Rescue workers have recovered eight more bodies from the rubble of a building on the site Miami-Tate (Florida, USA), officials announced Wednesday that they have made a “tough decision” to move from the search and rescue phase to the “physical recovery” phase.
The temporary death toll has risen to 54 as 8 bodies were found lifeless, with the partial collapse of the southern building of the Sampline Towers on June 24.
At a news conference, Miami-Tate Mayor Daniel Levine Kawa also pointed out that the number of missing is now 86 and the number of those with new reports is 200.

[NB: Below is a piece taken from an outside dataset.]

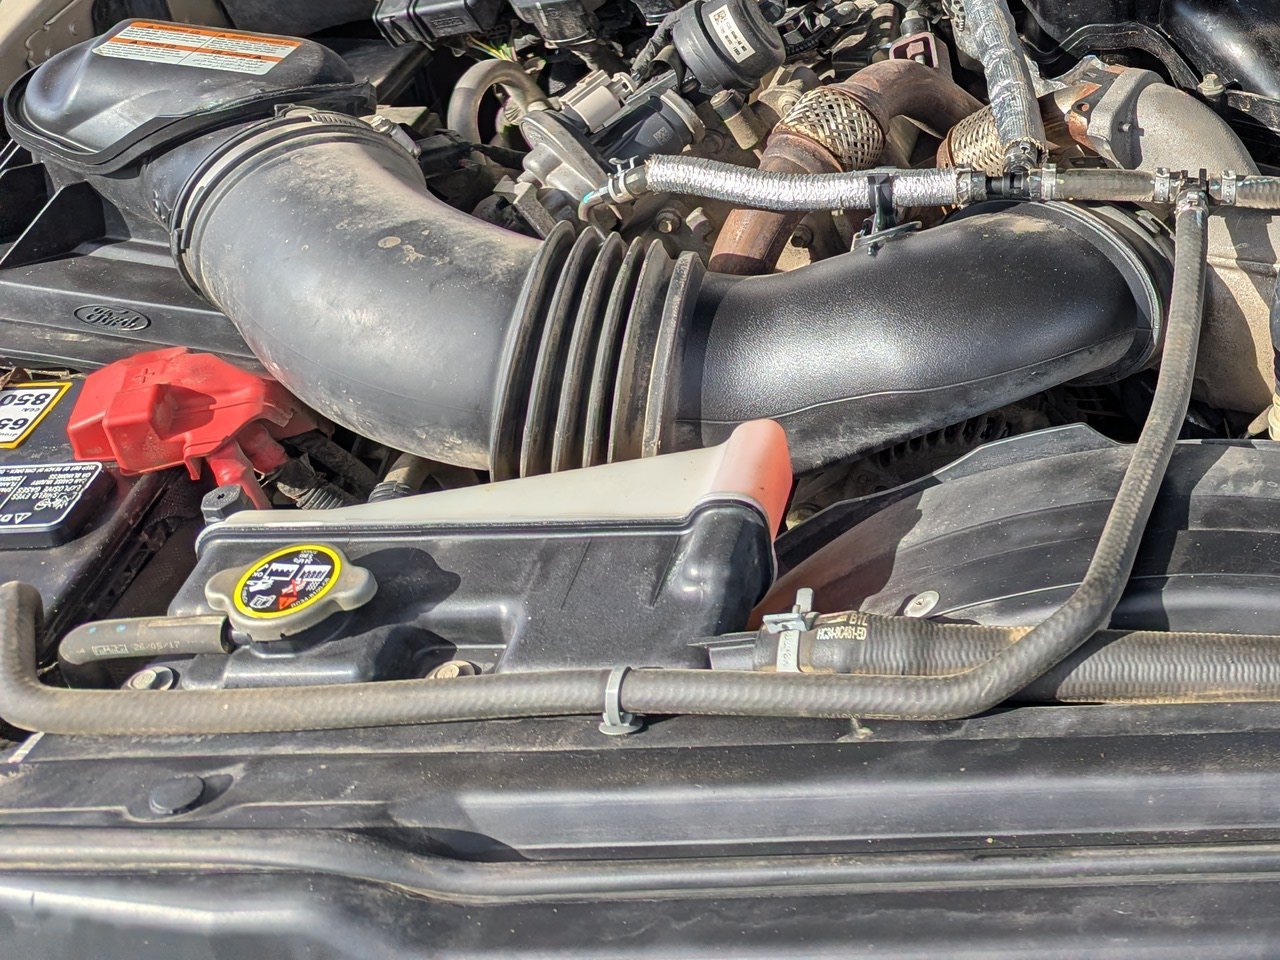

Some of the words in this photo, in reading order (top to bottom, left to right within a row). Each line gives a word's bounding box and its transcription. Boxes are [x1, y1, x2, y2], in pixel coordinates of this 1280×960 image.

[84, 306, 141, 329] Ford
[0, 394, 51, 406] 850
[32, 492, 59, 500] SHIELD

Similarly, 33 of the 54 bodies recovered have been identified, the councilor said at an evening press conference, announcing that “a tragic decision has been made to transfer (bodies) from search and rescue to rescue.”
“We are tired and we are exhausted now. We can not do much to bring in the evacuees, but we can identify the victims and provide cover for the families,” he said. Levine Kawa said she was saddened.
The most recent victims identified were Gracela Katarosi, 86, Gino Katarosi, 89, and Simon Sekel, 80. The bodies of the three were recovered Tuesday, Miami-Tate police said.
Sampling Towers South has had 200 rescue troops since 1981, when it was completely demolished last Sunday due to the instability of the area where it stood after the collapse.
The wreckage has given a new rhythm to the search operation as the rescuers now have access to the entire site where the 12-storey, 40-year-old building was located.
The mayor said of those rescued that “there can be no more pride in this group of men and women who have left their homes to carry out this mission.”
“The possibility of finding people alive under the rubble is already impossible”, Miami-Tate County Firefighters spokeswoman Erica Benedetz told a news conference that after 14 days of searching and rescue, they had reached a point where they could “make a tough decision to move forward. Bodies.
After the press conference, officials said a “moment of silence” had been arranged with religious leaders and rescuers in front of the rubble.